To prepare for this Assignment:

  • Review the following scenario:
    • You are conducting an interview with an individual who had come to the community resource center at which you work. The interviewee is in need of employment, health care, and educational resources. The purpose of this interview is to gather more information in order to determine an appropriate course of action. You remember that at the previous interview, which was a structured interview, the interviewee had expressed dissatisfaction with a similar organization in her former community but had not said why she was dissatisfied. You think an unstructured interview might yield more relevant information than a structured interview this time.
  • Review the information in Chapter 4 in your course text, The Helping Process: Assessment to Termination. Focus on the section titled “Closed and Open Inquiries.”
  • Review the information in Chapter 6 in your course text, The Helping Process: Assessment to Termination. Focus on the section titled “Gathering Additional Information.”
  • Review the information in the article, “The Unstructured Clinical Interview,” found in the Learning Resources for this week.

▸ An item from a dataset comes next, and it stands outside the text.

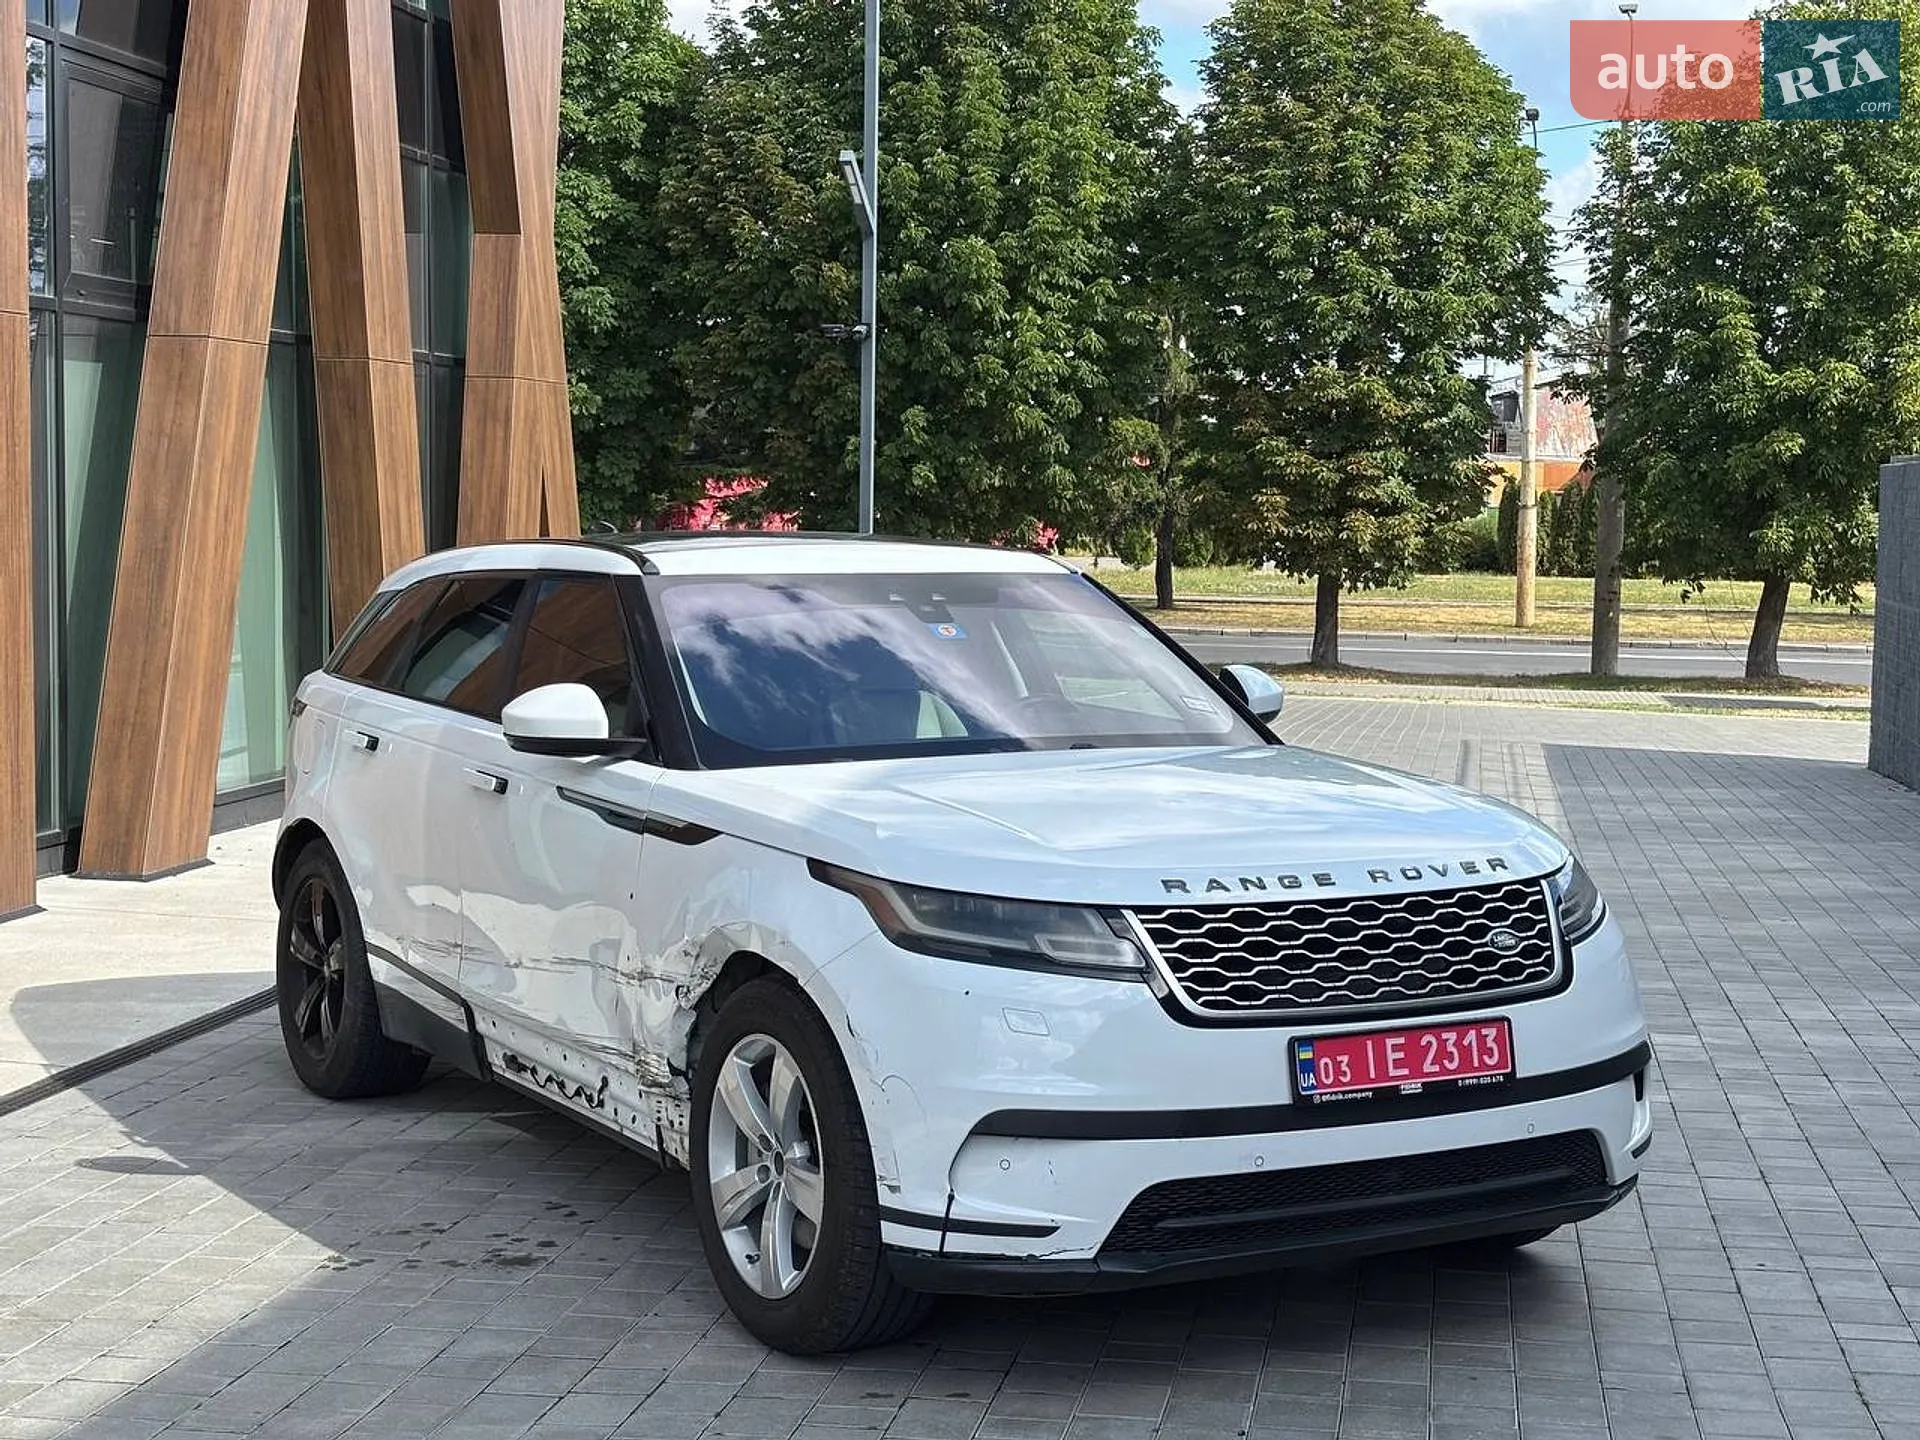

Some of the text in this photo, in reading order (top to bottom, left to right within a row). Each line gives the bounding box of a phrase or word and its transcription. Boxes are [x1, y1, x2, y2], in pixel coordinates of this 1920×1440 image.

Focus on specific suggestions for how to formulate questions for an unstructured interview.

By Day 7

The Assignment:

Submit by Day 7 a 2- to 3-page paper that includes the following:

  • Three unstructured interview questions designed to gather information on the interviewees’ needs
  • An explanation of the challenges you might experience during this interview. Include some potential topics the interviewee might be uncomfortable discussing. Include information from both the Learning Resources and from your experience that you could use to address this challenge.
  • Two advantages and two limitations of unstructured interviews

Support your Assignment with specific references to all resources used in its preparation. You are asked to provide a reference list for all resources, including those in the Learning Resources for this course.